In this article we will introduce to you an effective method to control the brightness and consequently the power consumption and costs of multi-LED applications. Providing each LED a PWM controller and converting input voltage to LED current via this controller is a traditional brightness control method for multi-LED applications. This application applied voltage-controlled PWM controllers. Usually, led pn junction will be cascade with a current-sensing resistor, which will send feedback voltage signals to controllers. Basically, this type of controllers operated in the voltage mode and maintained the feedback voltage signal at a fixed value, stabilizing the internal current.
Using multiple RGB LEDs to generate white rays is a common application. In addition to red rays, green rays and blue rays, there will be 1-2 more LED chips that used to swift LED white rays into a certain tone. In order to simulate the proportion of red rays, green rays and blue rays in the white ray spectrum, working current for these three different types of LED chips will be fixed at a certain ratio by three controllers. Normally, the output green rays occupy 50-64% of total, 25-40% for red rays, and blue rays only account for 5-15%. In this way, at least three PWM controllers are needed, which increases the production costs virtually. Each controller provides power for each colored LED. In addition, the control system also needs to change the brightness of LED lamps by adjusting the load cycle of PWM controllers.
Another approach is applying single-current driver onto theses cascaded LED chips.
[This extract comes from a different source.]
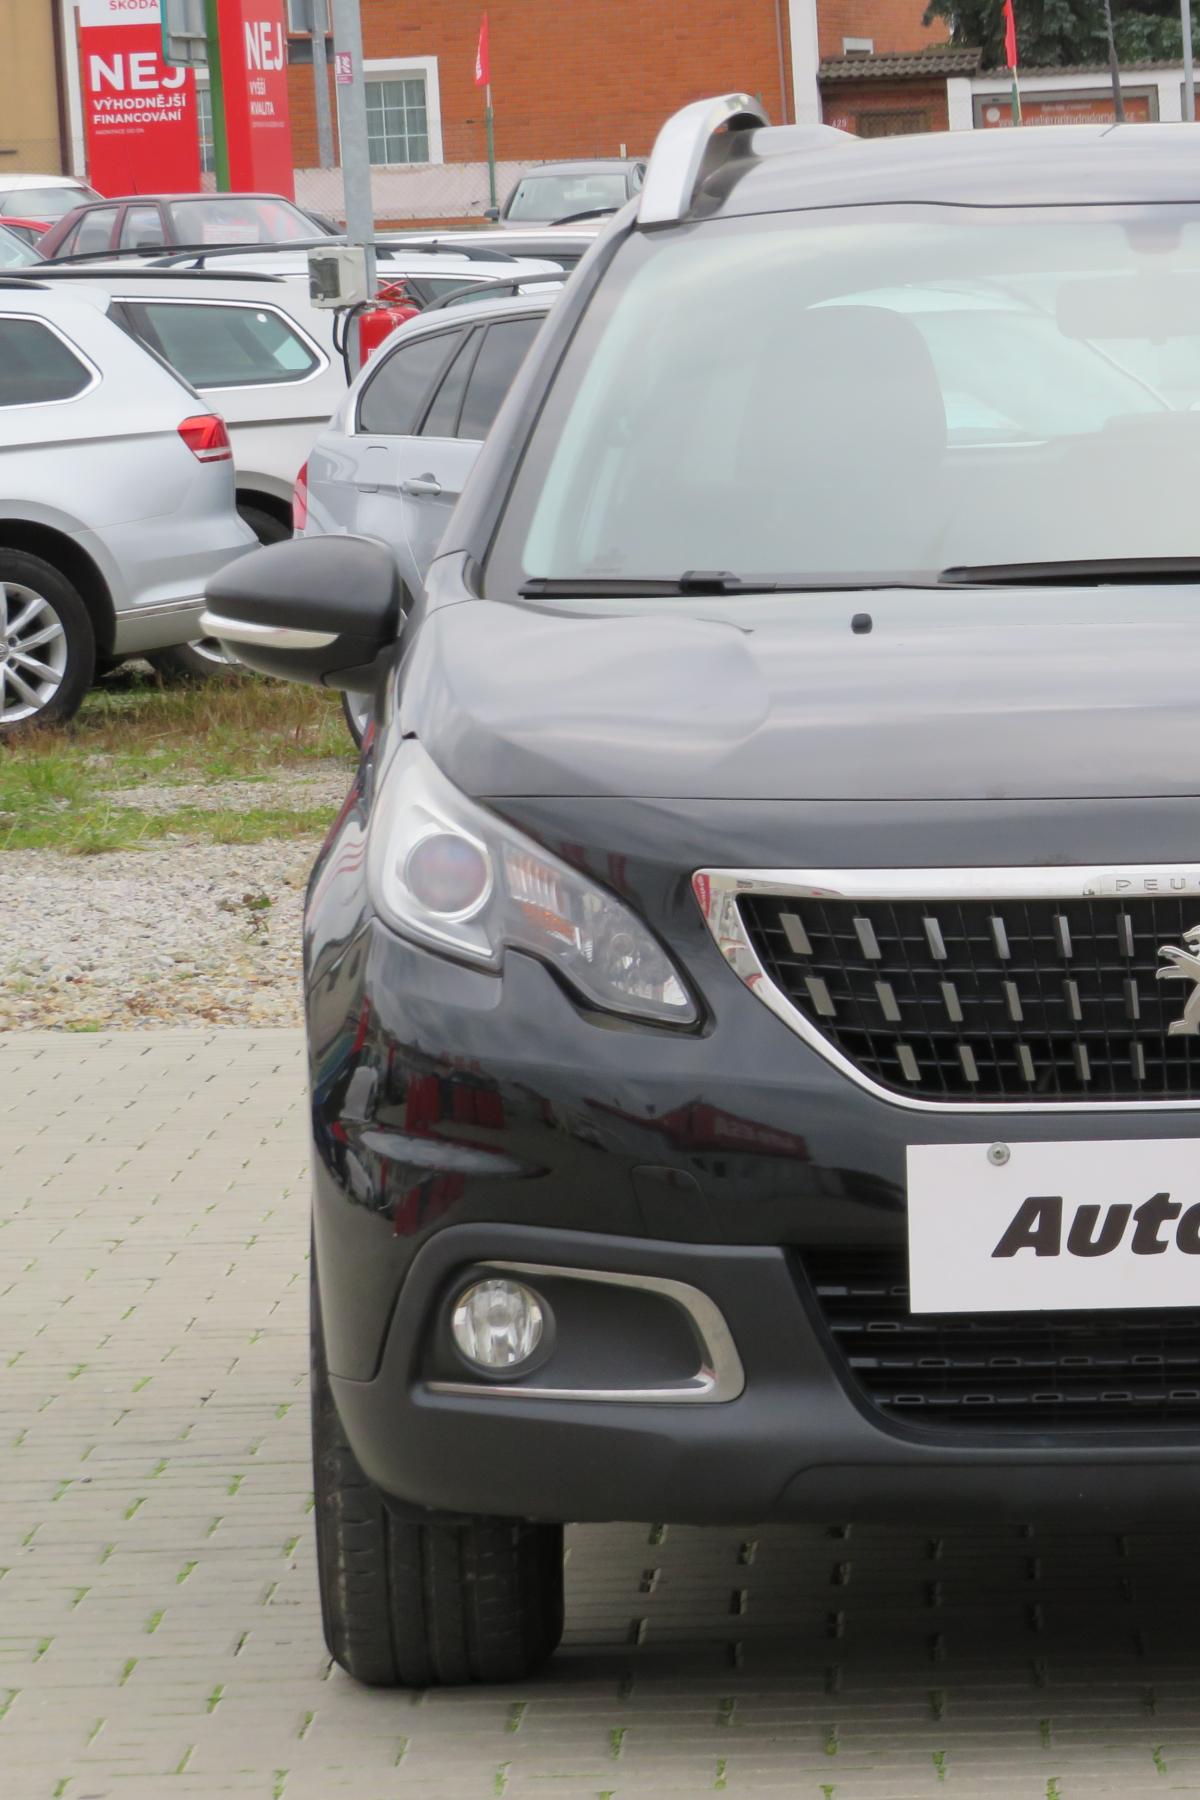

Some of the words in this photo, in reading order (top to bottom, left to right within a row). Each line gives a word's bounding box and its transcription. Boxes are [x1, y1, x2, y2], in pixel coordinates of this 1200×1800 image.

[244, 21, 284, 71] NEJ
[89, 51, 186, 92] NEJ
[93, 93, 187, 111] VÝHODNĚJŠÍ
[93, 109, 182, 124] FINANCOVÁNÍ
The brightness of each LED chip is controlled by FET switches, which is connected with these chips in parallel. When FET is turned on, current will pass through it, stopping the parallel connected LED chip. On the contrary, switching off FETs will drive the current to pass through LED chips. Another system is responsible for the control of on-time ratio of LEDs in each clock cycle, including the three cascaded single-current controlled LEDs. The brightness of each LED will be adjusted by each FET. Compared with the three individual PWM controllers mentioned above, multi-LEDs with one PWM controller but multiple FETs will costs much less and save more power consumption. Removing each PWM controller will reduce the load dramatically and reduce the power consuming accordingly.